There are probably 4 simplified aspects to tackle this issue from, in my
opinion. I work in data protection for a Fortune 500 company.

1\. Data tagging or classification - identify and tag your sensitive data,
then use the tags to control/monitor what happens to it. If done fully and
correctly, you only have to worry about the data that matters, not someone's
chili recipe or their kid's soccer schedule. The industry term is Crown
Jewels, which represents the data that is absolutely critical to your success
and would be catastrophic if lost. Secure your CJ, and your biggest risk is
mitigated.

2\. Egress monitoring - establish tools or processes to monitor what data is
leaving your company, where it is going, and how it is getting there. Look for
anomalies, abuses, and undesired activities. Perhaps your intellectual
property should never be in China.. uploads to 163.com or message attachments
to QQ messenger addresses might be concerning.
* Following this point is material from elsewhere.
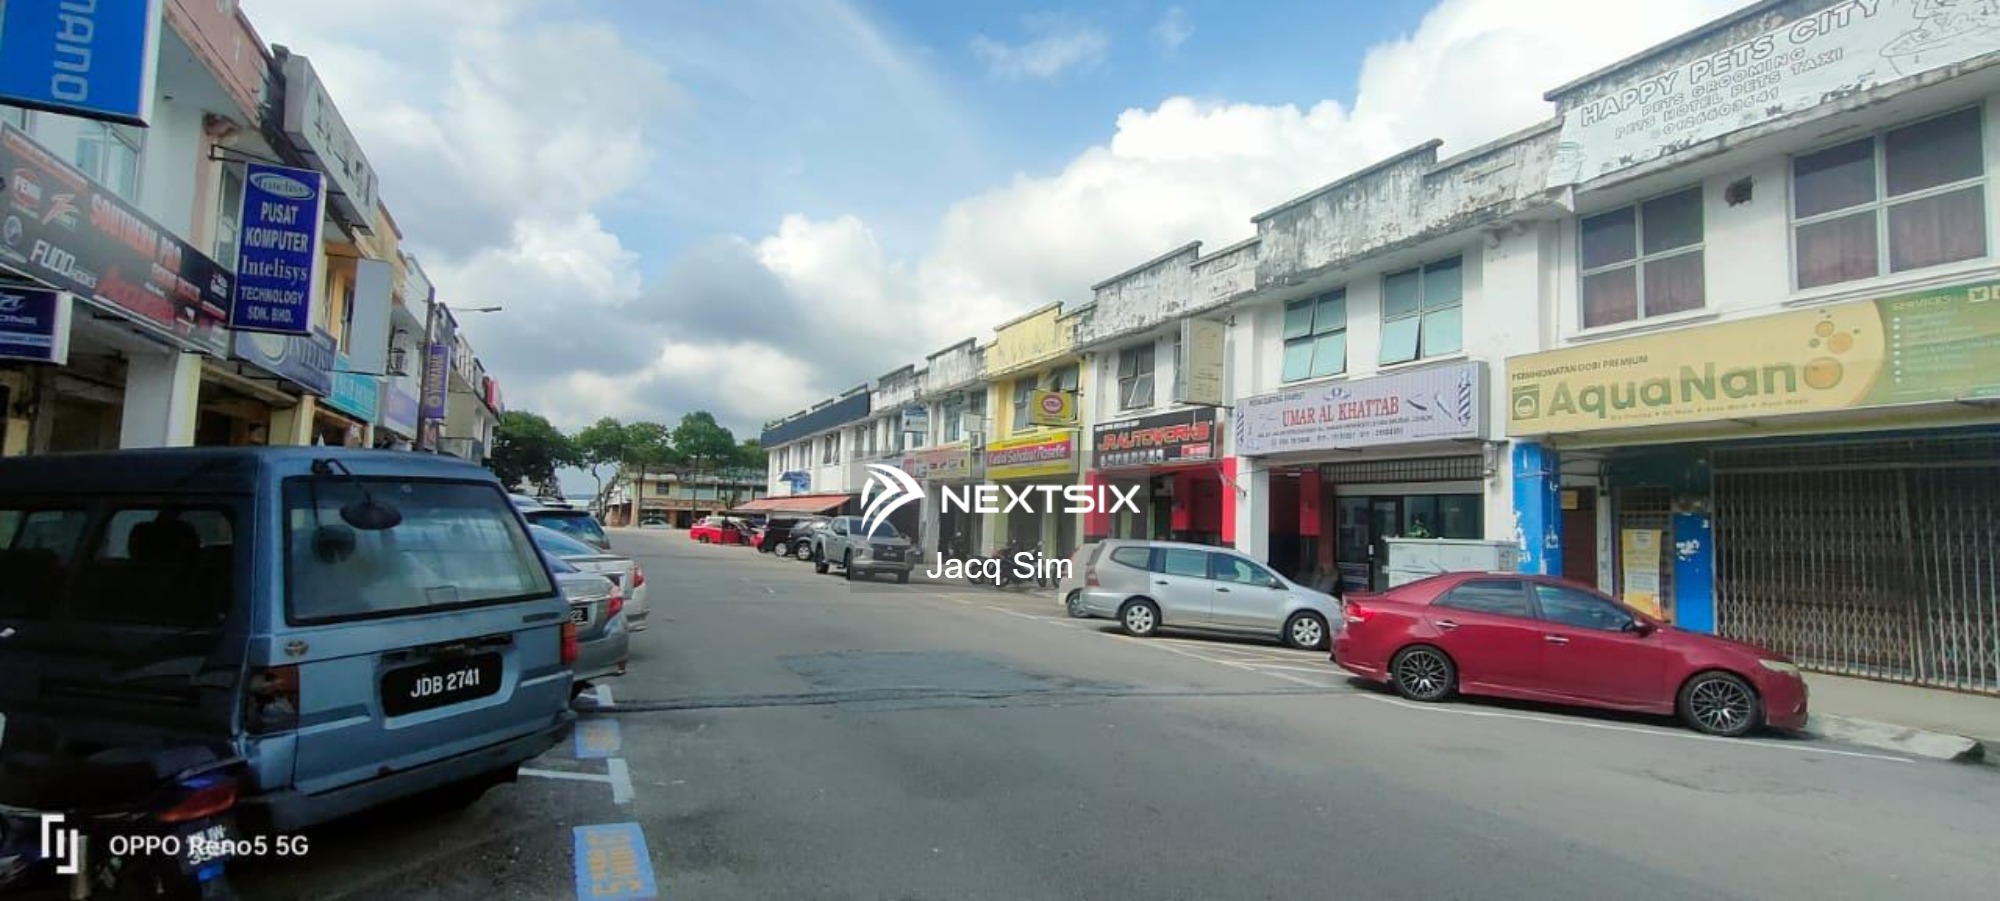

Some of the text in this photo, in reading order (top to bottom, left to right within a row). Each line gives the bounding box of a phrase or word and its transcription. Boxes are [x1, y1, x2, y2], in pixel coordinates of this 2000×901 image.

3\. Technical controls - Does your company need USB drive access? If not,
block them all from moving data via USB. Does anyone in your organization burn
data to CD/DVD media? No? Block it. Turn off the egress vectors that aren't
needed at a user/team/site/org level. The most common egress vectors are USB,
CD/DVD, Email, Network Upload, Print, and wireless transfer like bluetooth.
There are others, but these are the most encompassing. You can do things like
block all emails going to personal email domains like gmail or yahoo; limit
print amounts to 20 pages per user per day; or block access to all
domains/IP's in specific countries or regions on the network.

4\. Security Awareness - Employees need to be fully informed about the data
protection requirements you have in place, and the related consequences for
breaking acceptable use policies. Education and awareness campaigns are key,
and probably the most overlooked option available. I personally believe
informing employees about real life cases of data loss/theft, whether they are
your own or just in your industry, is crucial in making the risk seem more
real.

I can't recommend any specific products, but in general I would say look for
tools that can give you things like: data tagging, network activity logging,
end-point monitoring, anomaly detection, live response, data loss prevention
solutions, and/or critical data protection.